──────── Data provided

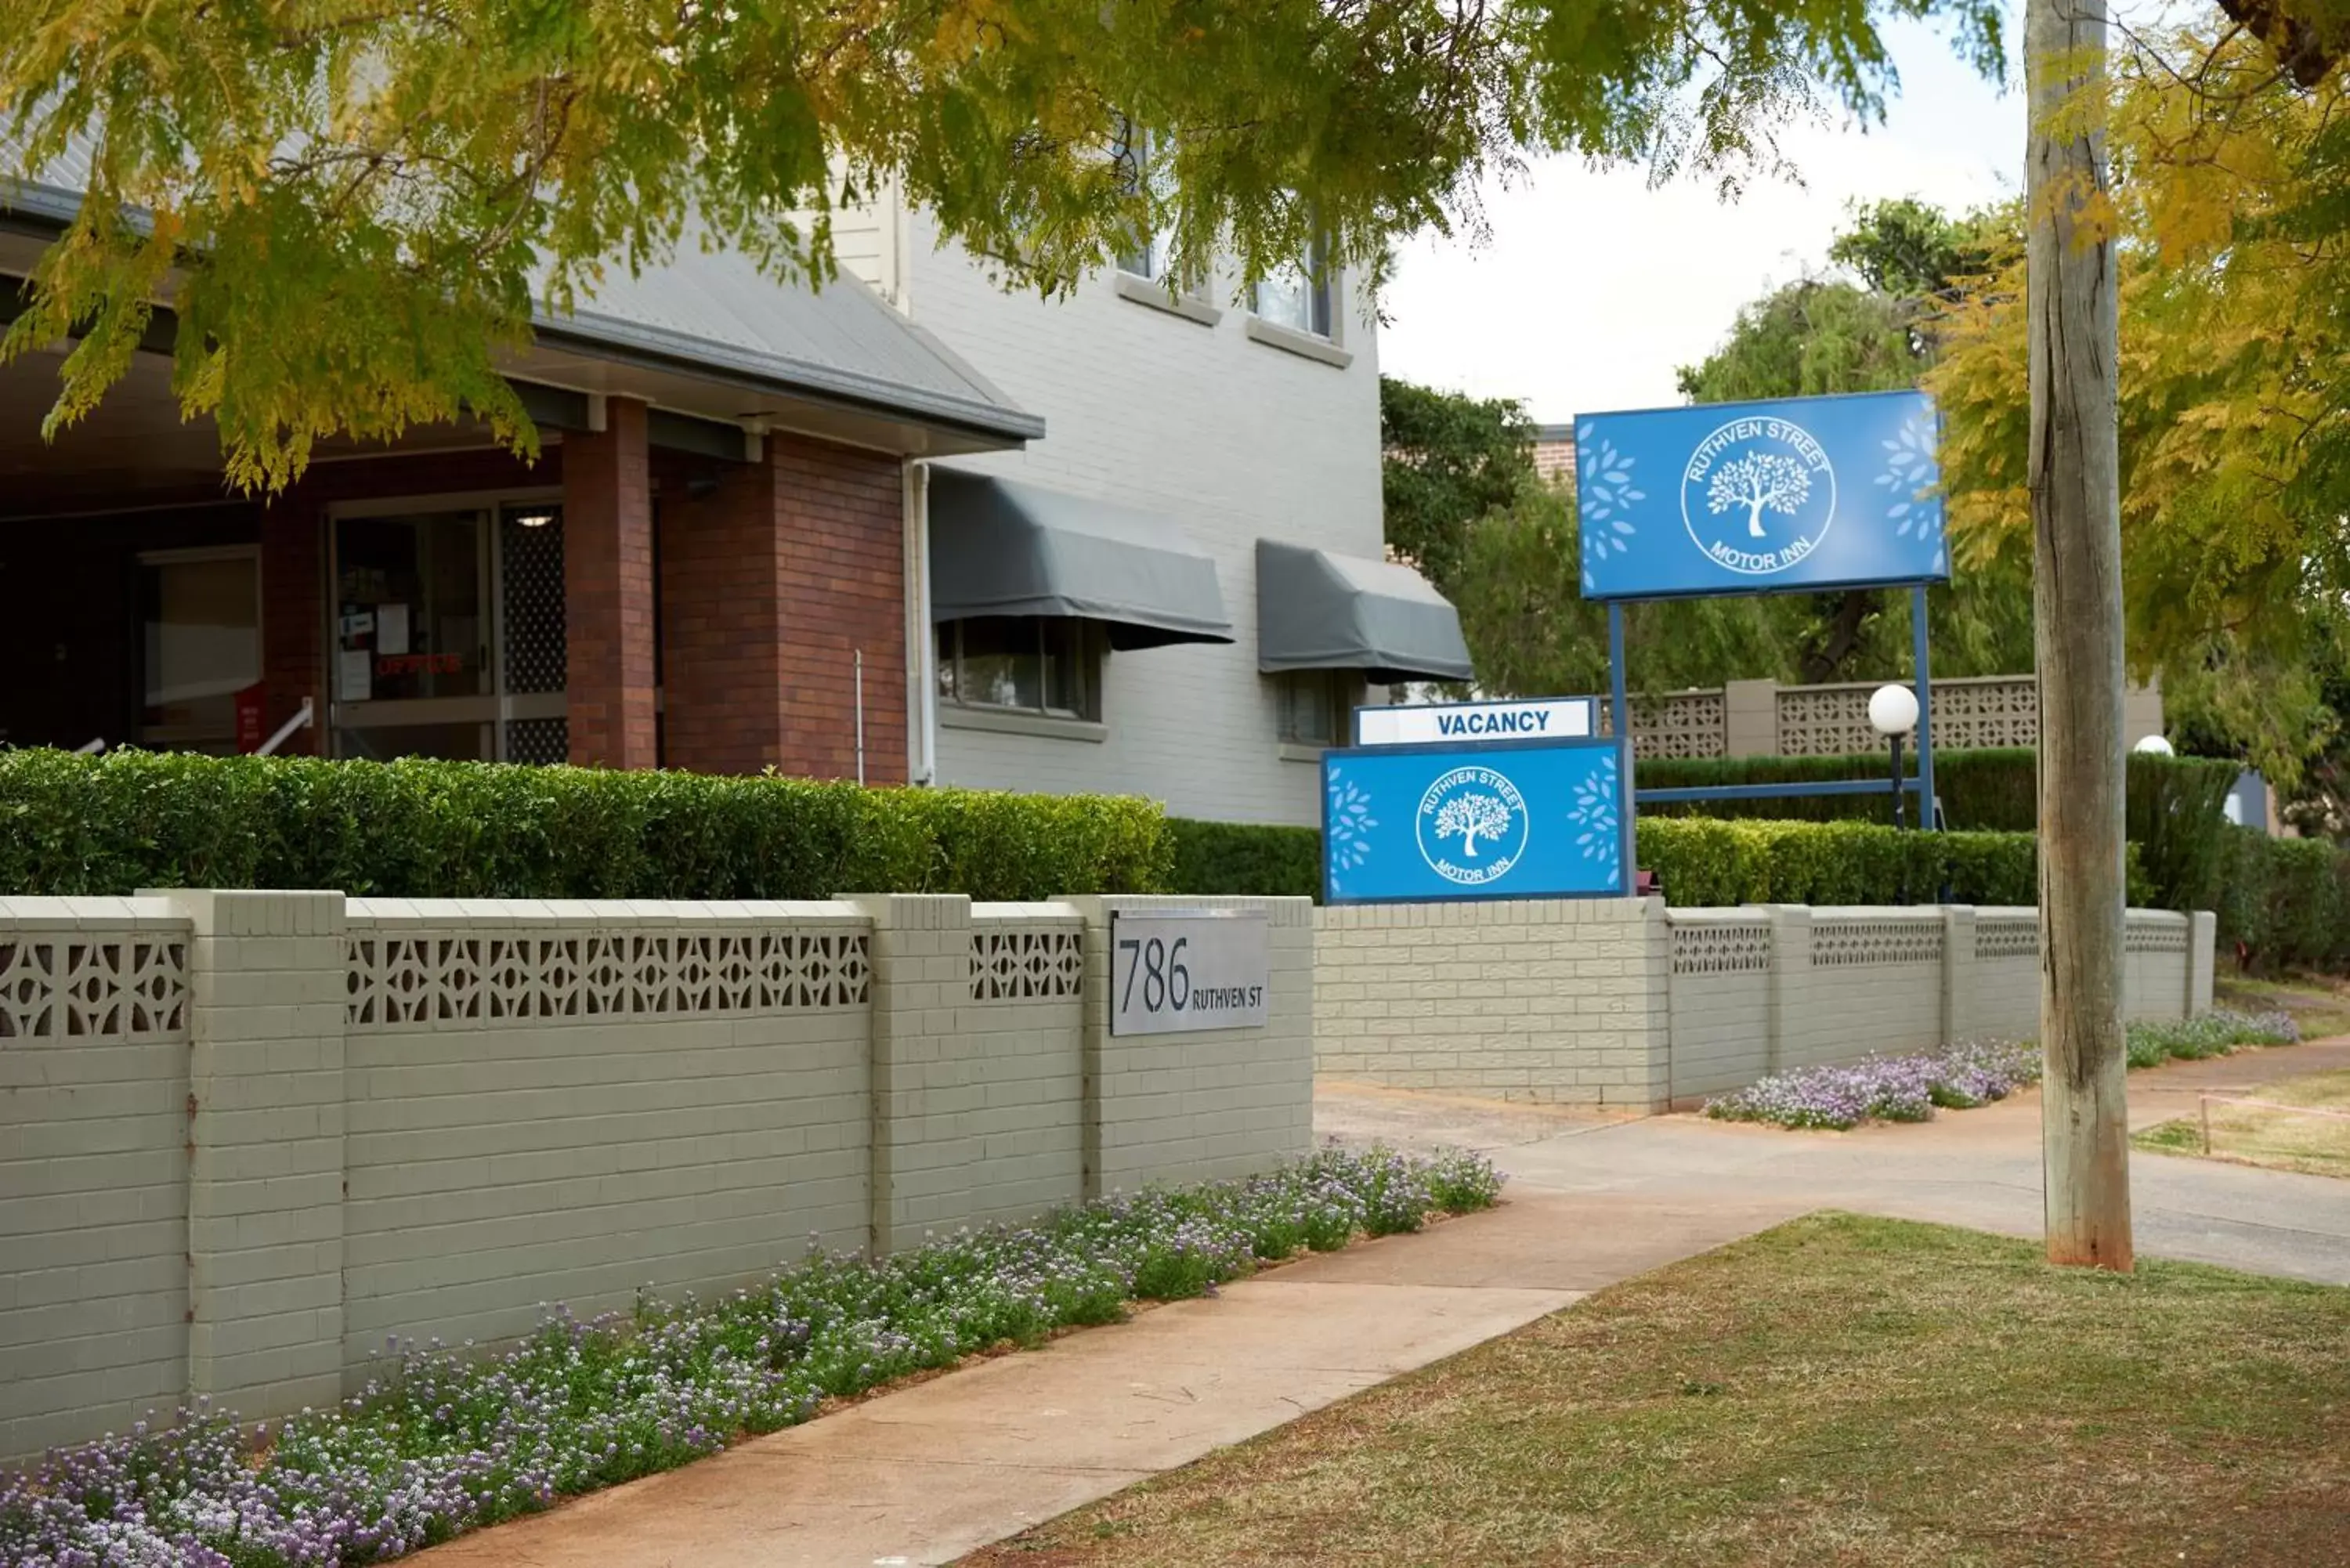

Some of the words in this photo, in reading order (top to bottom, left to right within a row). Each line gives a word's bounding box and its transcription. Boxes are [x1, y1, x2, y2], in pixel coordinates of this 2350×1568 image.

[1689, 421, 1762, 482] RUTHVEN
[1766, 421, 1829, 474] STREET
[1711, 539, 1777, 571] MOTOR
[1780, 536, 1811, 564] INN
[1438, 711, 1549, 735] VACANCY
[1423, 771, 1476, 815] RUTHVEN
[1479, 771, 1523, 811] STREET
[1436, 858, 1484, 881] MOTOR
[1487, 856, 1510, 877] INN
[1119, 937, 1189, 1013] 786
[1193, 988, 1246, 1010] RUTHVEN
[1248, 987, 1263, 1007] ST

────────────────

● What is expected: The listing above is to be set down word for word, without its images.

● Output for this task:
Some of the words in this photo, in reading order (top to bottom, left to right within a row). Each line gives a word's bounding box and its transcription. Boxes are [x1, y1, x2, y2], in pixel coordinates of this 2350×1568 image.

[1689, 421, 1762, 482] RUTHVEN
[1766, 421, 1829, 474] STREET
[1711, 539, 1777, 571] MOTOR
[1780, 536, 1811, 564] INN
[1438, 711, 1549, 735] VACANCY
[1423, 771, 1476, 815] RUTHVEN
[1479, 771, 1523, 811] STREET
[1436, 858, 1484, 881] MOTOR
[1487, 856, 1510, 877] INN
[1119, 937, 1189, 1013] 786
[1193, 988, 1246, 1010] RUTHVEN
[1248, 987, 1263, 1007] ST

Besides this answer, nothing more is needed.